4, measles virus isolation: taking the patient's nasopharyngeal secretions or early blood leukocytes inoculated on monkey kidney, human embryonic kidney cells or other sensitive, separable to the measles virus, but positive rate of reduction.

Measles - treatment:
Of measles virus present (2011) have not yet found specific antiviral drugs, so treatment focuses on strengthening care, symptomatic treatment and prevention of complications.

Measles - Nursing -Measles Care:
Should rest in bed, single room isolation, indoor air fresh and maintain proper temperature and humidity, not too much clothing, eyes, nose, mouth, skin clean. Digestible diet should be nutritious and should be more warm water to feed. Can not avoid the mouth, there should be recovery snacks. Heat can be given a small dose of antipyretic, antitussive cough to be so when the drama. Early to frail ill may intramuscular gamma globulin, a small amount of repeated blood transfusion or plasma.

MeaslesRubeola/ - prevention
Prevention to improve population immunity against measles is the key, so the implementation of immunization susceptible people is very important. Found measles patients should take comprehensive measures to prevent spread and popular.

Autoimmune
Susceptible should receive live attenuated measles vaccine. First kind of not less than 8 months of age, due to fear from the mother's antibodies and the vaccine virus, so failure.

Passive immunity
Young frail and sick patients, such as exposure to measles, 5 days a passive immunization against disease, 5 to 9 days you can only alleviate the condition.
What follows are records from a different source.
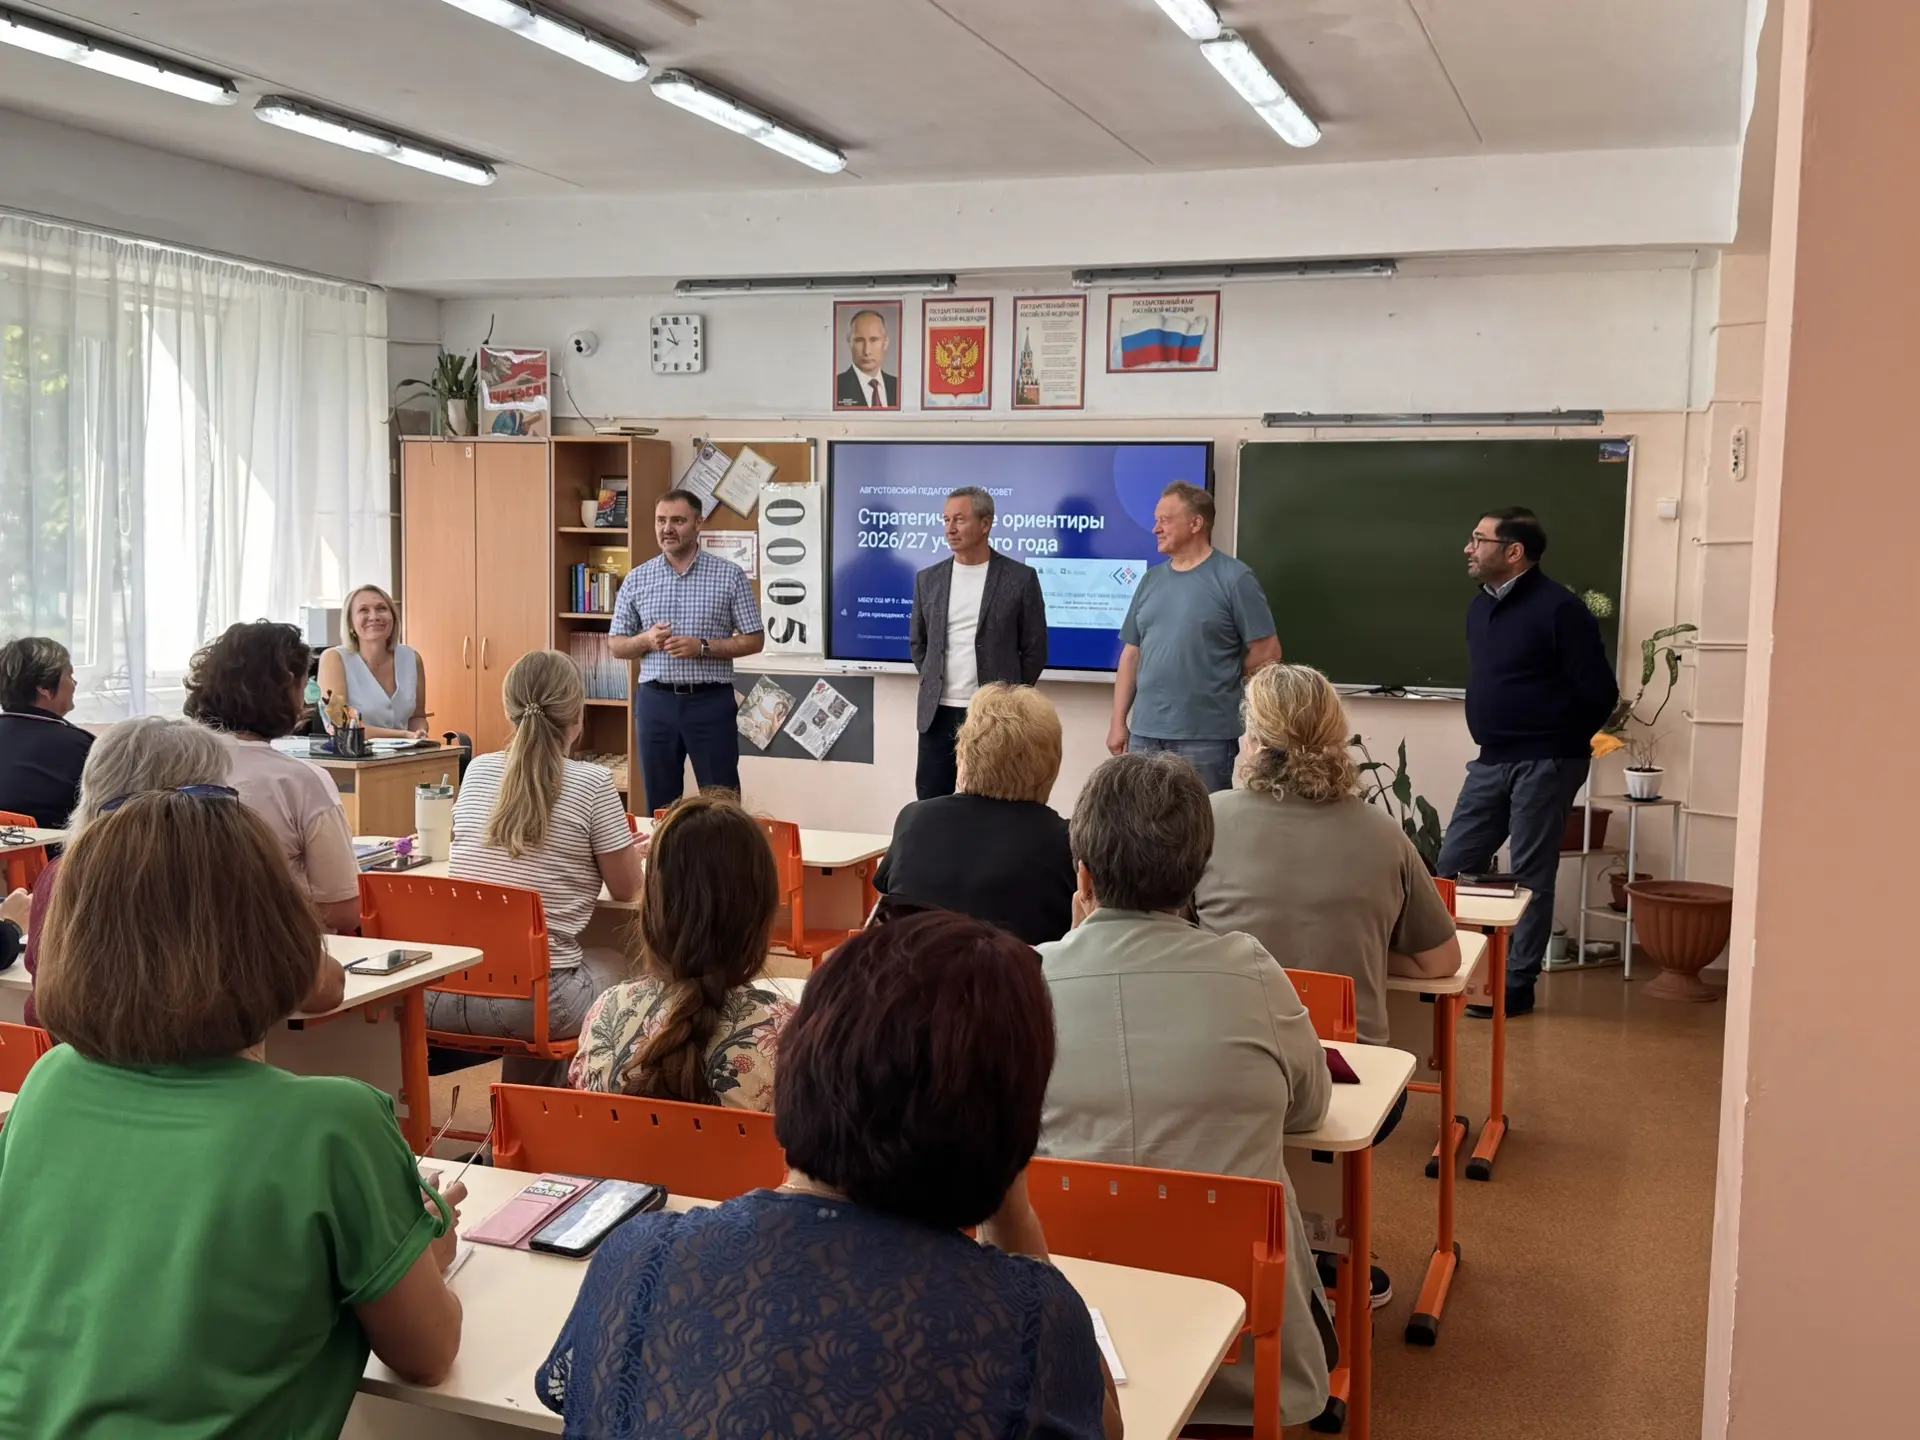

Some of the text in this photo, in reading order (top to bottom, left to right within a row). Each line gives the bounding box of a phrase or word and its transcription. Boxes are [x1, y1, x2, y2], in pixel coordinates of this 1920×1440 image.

[1020, 301, 1066, 310] ГОСУДАРСТВЕННЫЙ
[1132, 297, 1180, 306] ГОСУДАРСТВЕННЫЙ
[928, 306, 974, 314] ГОСУДАРСТВЕННЫЙ
[1132, 306, 1195, 314] РОССИЙСКОЙ ФЕДЕРАЦИИ
[672, 316, 679, 325] 12
[693, 326, 698, 335] 2
[693, 339, 698, 348] 3
[693, 352, 699, 361] 4
[859, 485, 917, 495] АВГУСТОВСКИЙ
[988, 487, 1013, 496] СОВЕТ
[1002, 513, 1105, 533] ориентиры
[857, 531, 928, 549] 2026/27
[1017, 537, 1059, 555] года
Intramuscular gamma globulin (10%) 0.2ml/kg, or placental globulin 0.5 ~ 1.0ml/kg, or adult plasma 20 ~ 30ml. Passive immunity can only maintain 3 to 4 weeks, 3 weeks after contact with measles patients had to be injected.

Comprehensive prevention
Found for the epidemic of measles cases should be immediately reported to the rash and 5 days after isolation, have complications until 10 days. Where contact with vulnerable children should be quarantine for 3 weeks, and under the circumstances to give auto-immune or passive immunization, immunization agents, shall be to extend the quarantine to four weeks. During the measles epidemic, should vigorously promote the patient does not go out, medicine sent home, susceptible children do not suffer from the door, the collective institutions to strengthen morning inspection of the suspect should be isolated for observation.

Cut off the transmission
Patients clothing should be in the sun exposure; patients should have ventilation between the housing and UV irradiation, the epidemic season in propaganda work, susceptible children go to public places as little as possible.